Segment Start: Supplied records

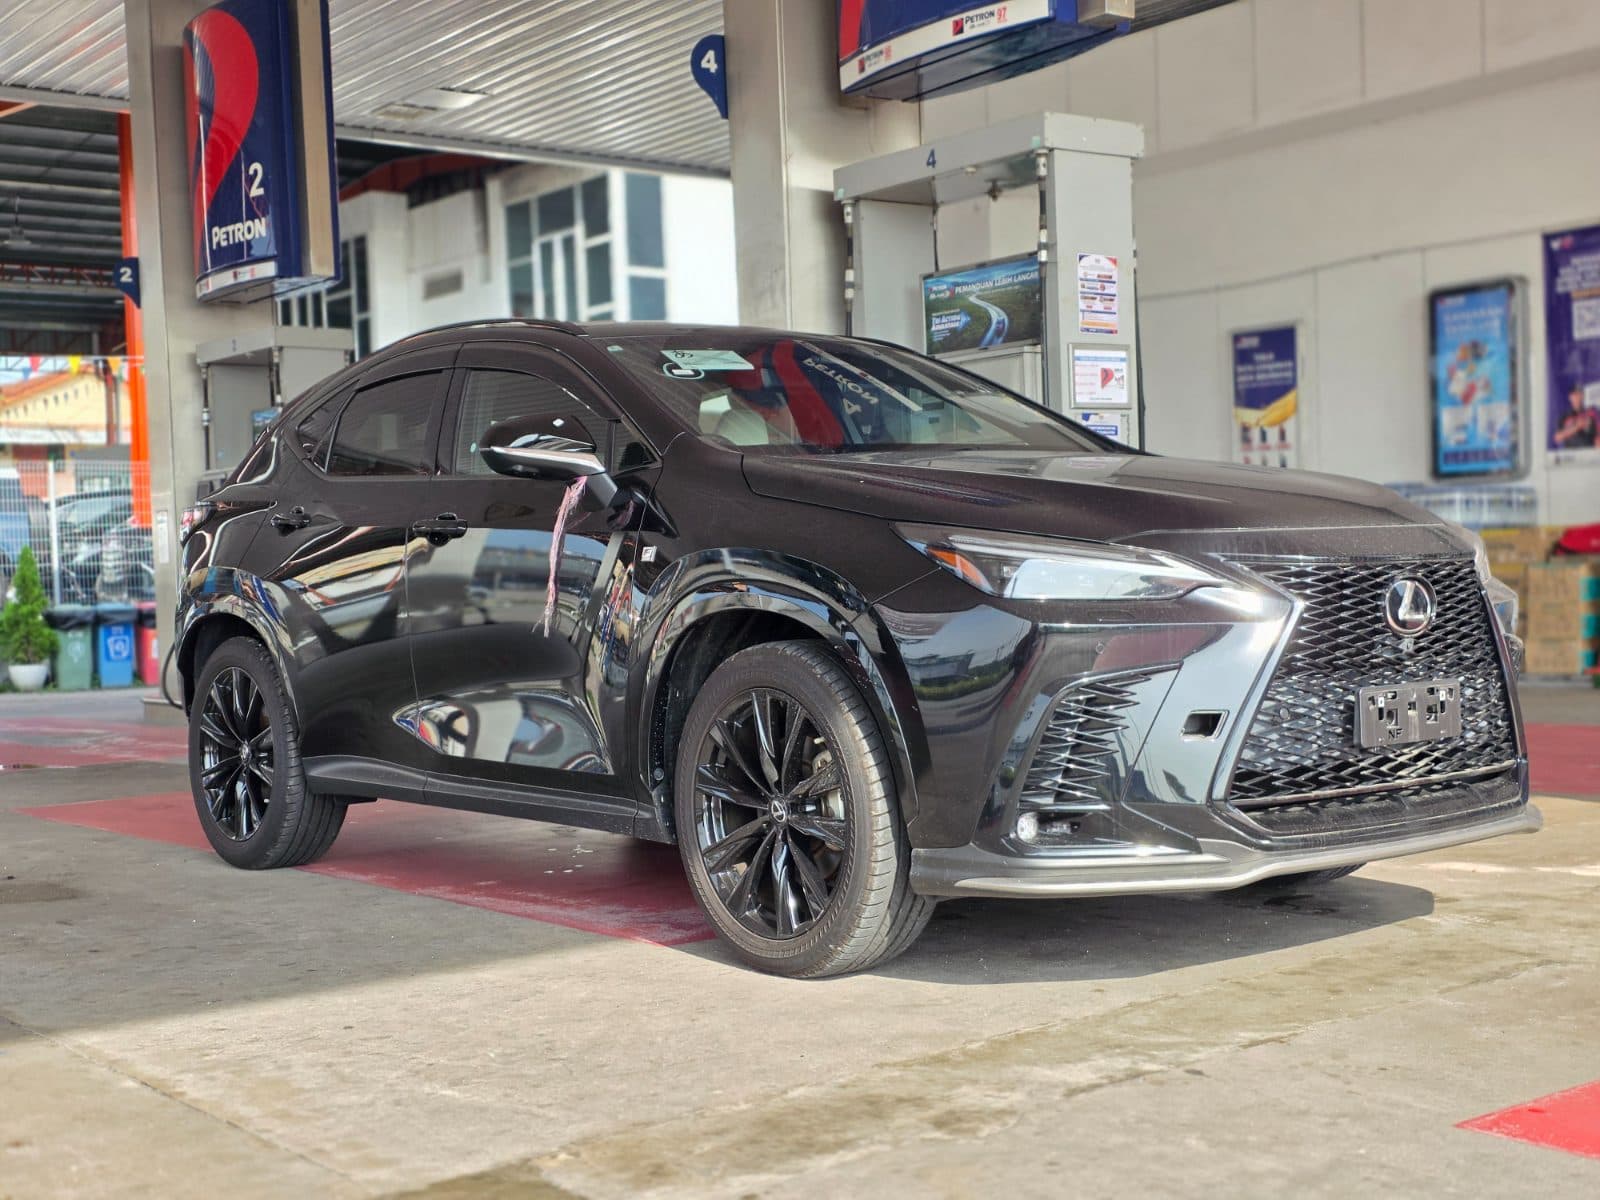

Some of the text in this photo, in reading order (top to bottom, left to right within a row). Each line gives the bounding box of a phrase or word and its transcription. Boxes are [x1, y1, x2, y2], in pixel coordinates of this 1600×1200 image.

[964, 10, 995, 25] PETRON
[997, 7, 1008, 19] 97
[701, 49, 718, 73] 4
[926, 148, 937, 169] 4
[248, 162, 265, 198] 2
[211, 216, 267, 250] PETRON
[119, 266, 133, 282] 2
[954, 281, 994, 294] PEMANDUAN
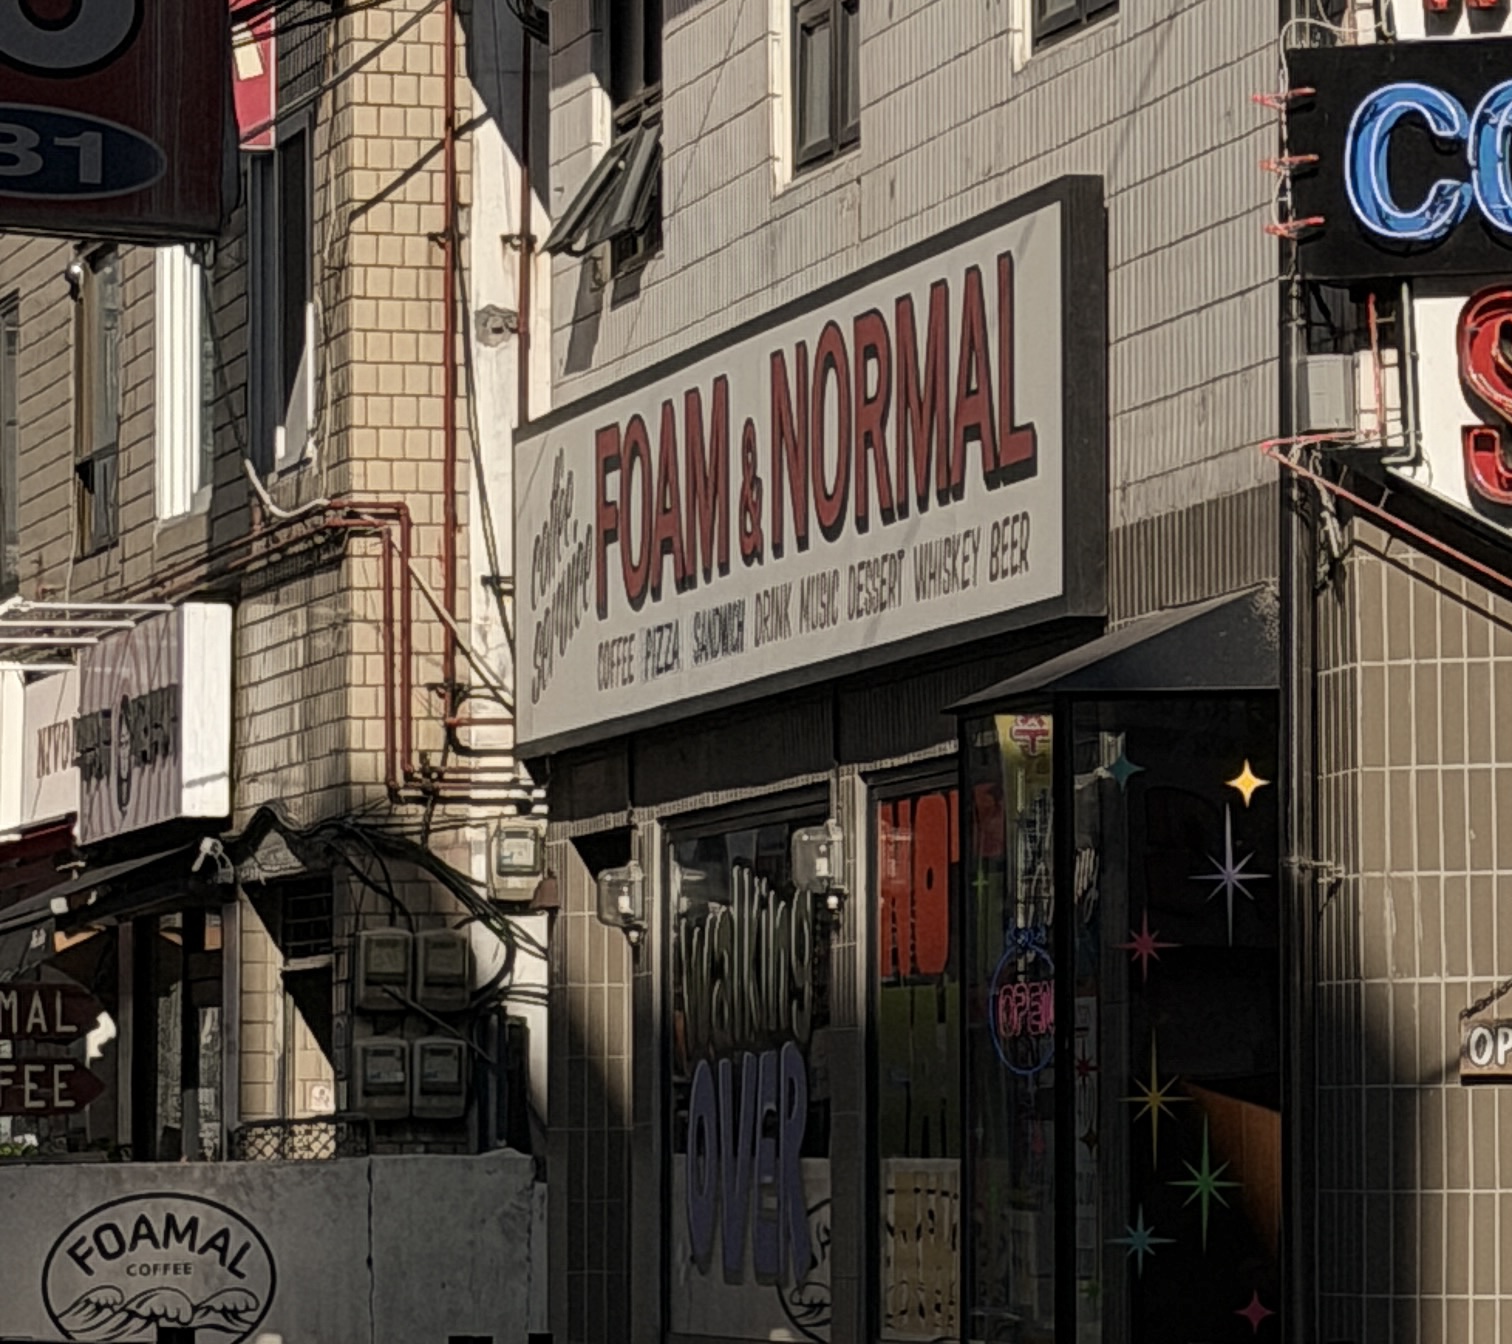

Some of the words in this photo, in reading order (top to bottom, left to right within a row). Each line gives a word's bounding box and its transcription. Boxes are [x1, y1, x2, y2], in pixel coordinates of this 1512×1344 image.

[595, 373, 730, 621] FOAM
[739, 417, 764, 567] &
[769, 250, 1038, 554] NORMAL
[597, 633, 636, 692] COFFEE
[644, 618, 680, 683] PIZZA
[754, 582, 793, 648] DRINK
[799, 568, 840, 635] MUSIC
[848, 549, 906, 622] DESSERT
[913, 526, 982, 603] WHISKEY
[989, 511, 1031, 583] BEER
[67, 1212, 251, 1280] FOAMAL
[687, 1040, 813, 1286] OVER
[126, 1262, 193, 1277] COFFEE

Segment End: Supplied records

Please repeat, exactly and only, the lines from the one containing "Some of the words" through the last line of the records, both included.

Some of the words in this photo, in reading order (top to bottom, left to right within a row). Each line gives a word's bounding box and its transcription. Boxes are [x1, y1, x2, y2], in pixel coordinates of this 1512×1344 image.

[595, 373, 730, 621] FOAM
[739, 417, 764, 567] &
[769, 250, 1038, 554] NORMAL
[597, 633, 636, 692] COFFEE
[644, 618, 680, 683] PIZZA
[754, 582, 793, 648] DRINK
[799, 568, 840, 635] MUSIC
[848, 549, 906, 622] DESSERT
[913, 526, 982, 603] WHISKEY
[989, 511, 1031, 583] BEER
[67, 1212, 251, 1280] FOAMAL
[687, 1040, 813, 1286] OVER
[126, 1262, 193, 1277] COFFEE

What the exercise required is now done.